### To do:
Reproduce, with no edits, the line that contains "this 1920×1278 image." and all the lines that follow it, ending with the last line of the records.

### Dataset entries:
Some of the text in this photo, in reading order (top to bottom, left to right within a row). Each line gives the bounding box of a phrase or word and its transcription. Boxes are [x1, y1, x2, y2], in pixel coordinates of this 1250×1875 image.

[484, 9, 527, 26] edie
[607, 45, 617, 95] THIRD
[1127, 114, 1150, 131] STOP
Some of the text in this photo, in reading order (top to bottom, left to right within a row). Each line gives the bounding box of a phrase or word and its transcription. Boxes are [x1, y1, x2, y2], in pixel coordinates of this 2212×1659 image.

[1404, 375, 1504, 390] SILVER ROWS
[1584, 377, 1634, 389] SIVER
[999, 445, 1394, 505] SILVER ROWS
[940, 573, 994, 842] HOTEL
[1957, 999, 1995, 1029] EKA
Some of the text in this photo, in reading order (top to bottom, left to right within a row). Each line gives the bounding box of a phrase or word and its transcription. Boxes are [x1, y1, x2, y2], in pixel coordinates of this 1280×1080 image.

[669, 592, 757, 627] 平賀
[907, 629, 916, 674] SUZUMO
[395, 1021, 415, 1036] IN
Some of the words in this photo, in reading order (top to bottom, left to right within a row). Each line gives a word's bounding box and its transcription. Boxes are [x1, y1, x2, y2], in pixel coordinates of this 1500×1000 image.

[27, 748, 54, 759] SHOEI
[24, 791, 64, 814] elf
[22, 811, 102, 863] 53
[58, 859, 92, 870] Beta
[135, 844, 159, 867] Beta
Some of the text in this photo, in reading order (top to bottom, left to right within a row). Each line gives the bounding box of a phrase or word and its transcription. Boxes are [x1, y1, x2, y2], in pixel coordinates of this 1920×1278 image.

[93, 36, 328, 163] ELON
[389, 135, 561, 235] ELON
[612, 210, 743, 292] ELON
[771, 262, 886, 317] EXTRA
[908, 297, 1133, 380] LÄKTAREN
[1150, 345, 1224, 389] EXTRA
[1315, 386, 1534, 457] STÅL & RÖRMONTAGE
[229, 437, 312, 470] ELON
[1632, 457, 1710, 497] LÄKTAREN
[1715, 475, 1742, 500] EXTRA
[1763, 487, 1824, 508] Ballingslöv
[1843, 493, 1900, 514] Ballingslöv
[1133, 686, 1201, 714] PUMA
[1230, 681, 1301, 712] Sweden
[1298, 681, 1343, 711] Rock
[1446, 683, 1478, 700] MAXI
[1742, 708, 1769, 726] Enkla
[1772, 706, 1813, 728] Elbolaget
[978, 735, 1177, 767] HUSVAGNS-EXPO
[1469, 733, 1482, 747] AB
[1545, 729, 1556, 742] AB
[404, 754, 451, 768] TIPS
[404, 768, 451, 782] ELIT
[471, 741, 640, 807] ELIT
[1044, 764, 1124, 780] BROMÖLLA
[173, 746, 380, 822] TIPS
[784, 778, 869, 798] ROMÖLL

### Written solution:
Some of the text in this photo, in reading order (top to bottom, left to right within a row). Each line gives the bounding box of a phrase or word and its transcription. Boxes are [x1, y1, x2, y2], in pixel coordinates of this 1920×1278 image.

[93, 36, 328, 163] ELON
[389, 135, 561, 235] ELON
[612, 210, 743, 292] ELON
[771, 262, 886, 317] EXTRA
[908, 297, 1133, 380] LÄKTAREN
[1150, 345, 1224, 389] EXTRA
[1315, 386, 1534, 457] STÅL & RÖRMONTAGE
[229, 437, 312, 470] ELON
[1632, 457, 1710, 497] LÄKTAREN
[1715, 475, 1742, 500] EXTRA
[1763, 487, 1824, 508] Ballingslöv
[1843, 493, 1900, 514] Ballingslöv
[1133, 686, 1201, 714] PUMA
[1230, 681, 1301, 712] Sweden
[1298, 681, 1343, 711] Rock
[1446, 683, 1478, 700] MAXI
[1742, 708, 1769, 726] Enkla
[1772, 706, 1813, 728] Elbolaget
[978, 735, 1177, 767] HUSVAGNS-EXPO
[1469, 733, 1482, 747] AB
[1545, 729, 1556, 742] AB
[404, 754, 451, 768] TIPS
[404, 768, 451, 782] ELIT
[471, 741, 640, 807] ELIT
[1044, 764, 1124, 780] BROMÖLLA
[173, 746, 380, 822] TIPS
[784, 778, 869, 798] ROMÖLL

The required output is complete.